──────── SUPPLIED MATERIAL ────────

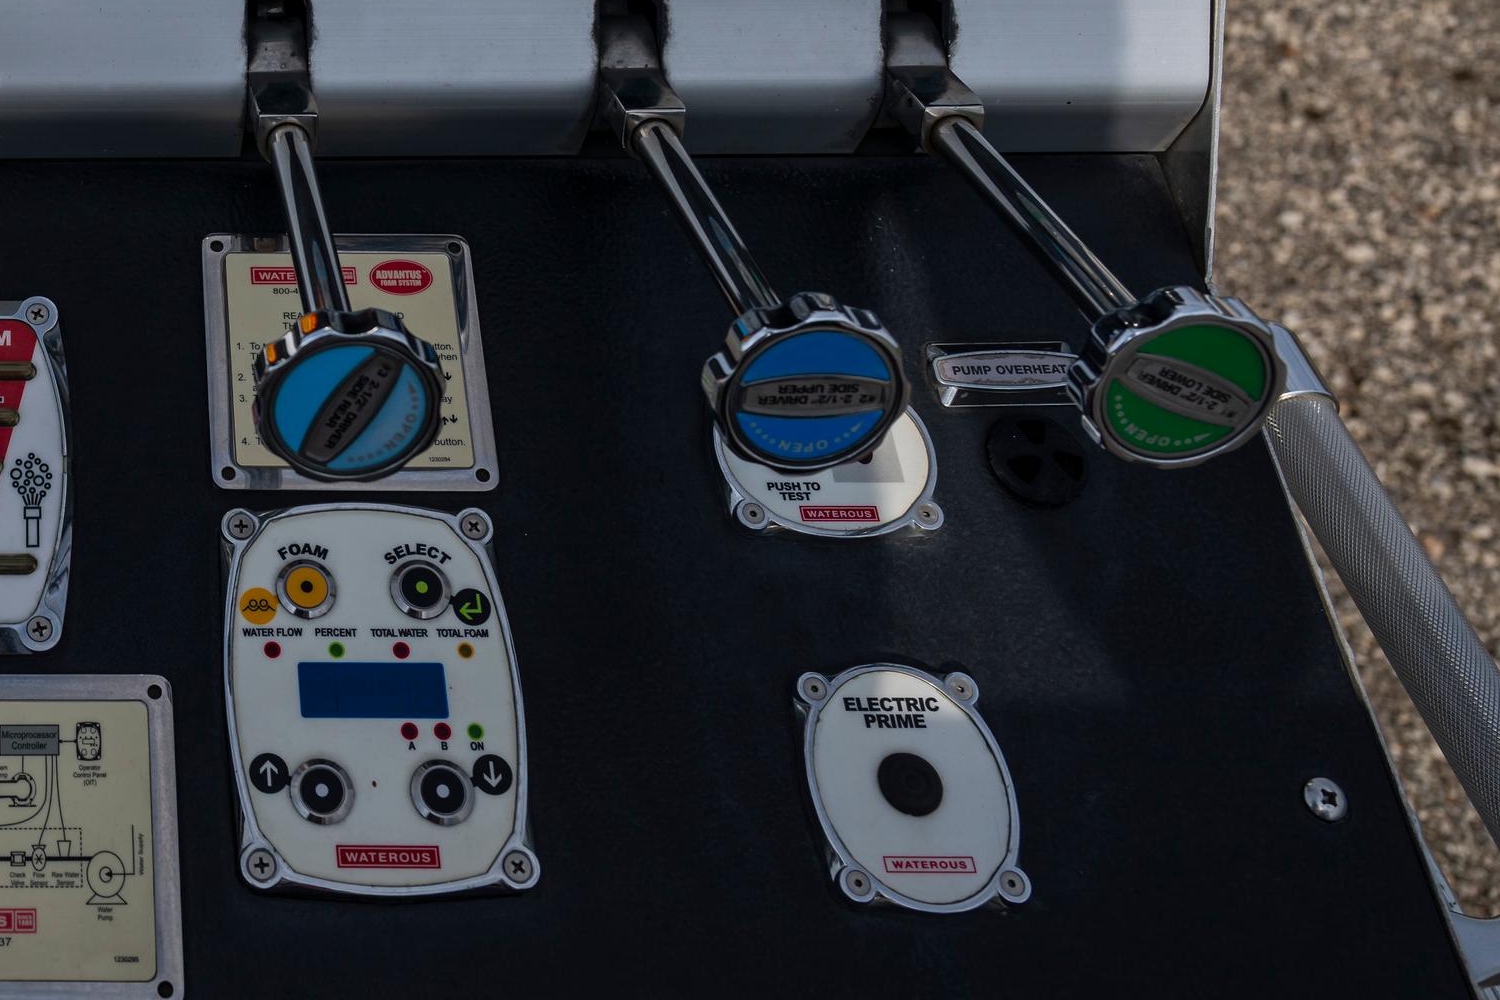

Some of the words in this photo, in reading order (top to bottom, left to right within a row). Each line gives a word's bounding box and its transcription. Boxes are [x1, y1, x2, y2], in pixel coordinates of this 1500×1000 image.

[952, 365, 992, 376] PUMP
[995, 364, 1067, 376] OVERHEAT
[766, 482, 800, 491] PUSH
[802, 482, 821, 491] TO
[780, 492, 811, 501] TEST
[806, 510, 872, 518] WATEROUS
[277, 543, 329, 560] FOAM
[384, 543, 452, 565] SELECT
[242, 628, 275, 637] WATER
[278, 628, 303, 637] FLOW
[314, 628, 356, 638] PERCENT
[370, 628, 398, 638] TOTAL
[398, 628, 428, 638] WATER
[436, 628, 463, 638] TOTAL
[464, 628, 489, 638] FOAM
[842, 697, 940, 712] ELECTRIC
[864, 714, 927, 728] PRIME
[2, 731, 58, 740] Microprocessor
[12, 742, 47, 750] Controller
[408, 742, 416, 750] A
[441, 742, 448, 750] B
[470, 742, 484, 750] ON
[344, 852, 432, 863] WATEROUS
[892, 860, 968, 870] WATEROUS

────────

*GOAL OF THE EXERCISE:*
Could you output the full set of entries exactly, skipping every picture?

*SOLUTION TO THE PROBLEM:*
Some of the words in this photo, in reading order (top to bottom, left to right within a row). Each line gives a word's bounding box and its transcription. Boxes are [x1, y1, x2, y2], in pixel coordinates of this 1500×1000 image.

[952, 365, 992, 376] PUMP
[995, 364, 1067, 376] OVERHEAT
[766, 482, 800, 491] PUSH
[802, 482, 821, 491] TO
[780, 492, 811, 501] TEST
[806, 510, 872, 518] WATEROUS
[277, 543, 329, 560] FOAM
[384, 543, 452, 565] SELECT
[242, 628, 275, 637] WATER
[278, 628, 303, 637] FLOW
[314, 628, 356, 638] PERCENT
[370, 628, 398, 638] TOTAL
[398, 628, 428, 638] WATER
[436, 628, 463, 638] TOTAL
[464, 628, 489, 638] FOAM
[842, 697, 940, 712] ELECTRIC
[864, 714, 927, 728] PRIME
[2, 731, 58, 740] Microprocessor
[12, 742, 47, 750] Controller
[408, 742, 416, 750] A
[441, 742, 448, 750] B
[470, 742, 484, 750] ON
[344, 852, 432, 863] WATEROUS
[892, 860, 968, 870] WATEROUS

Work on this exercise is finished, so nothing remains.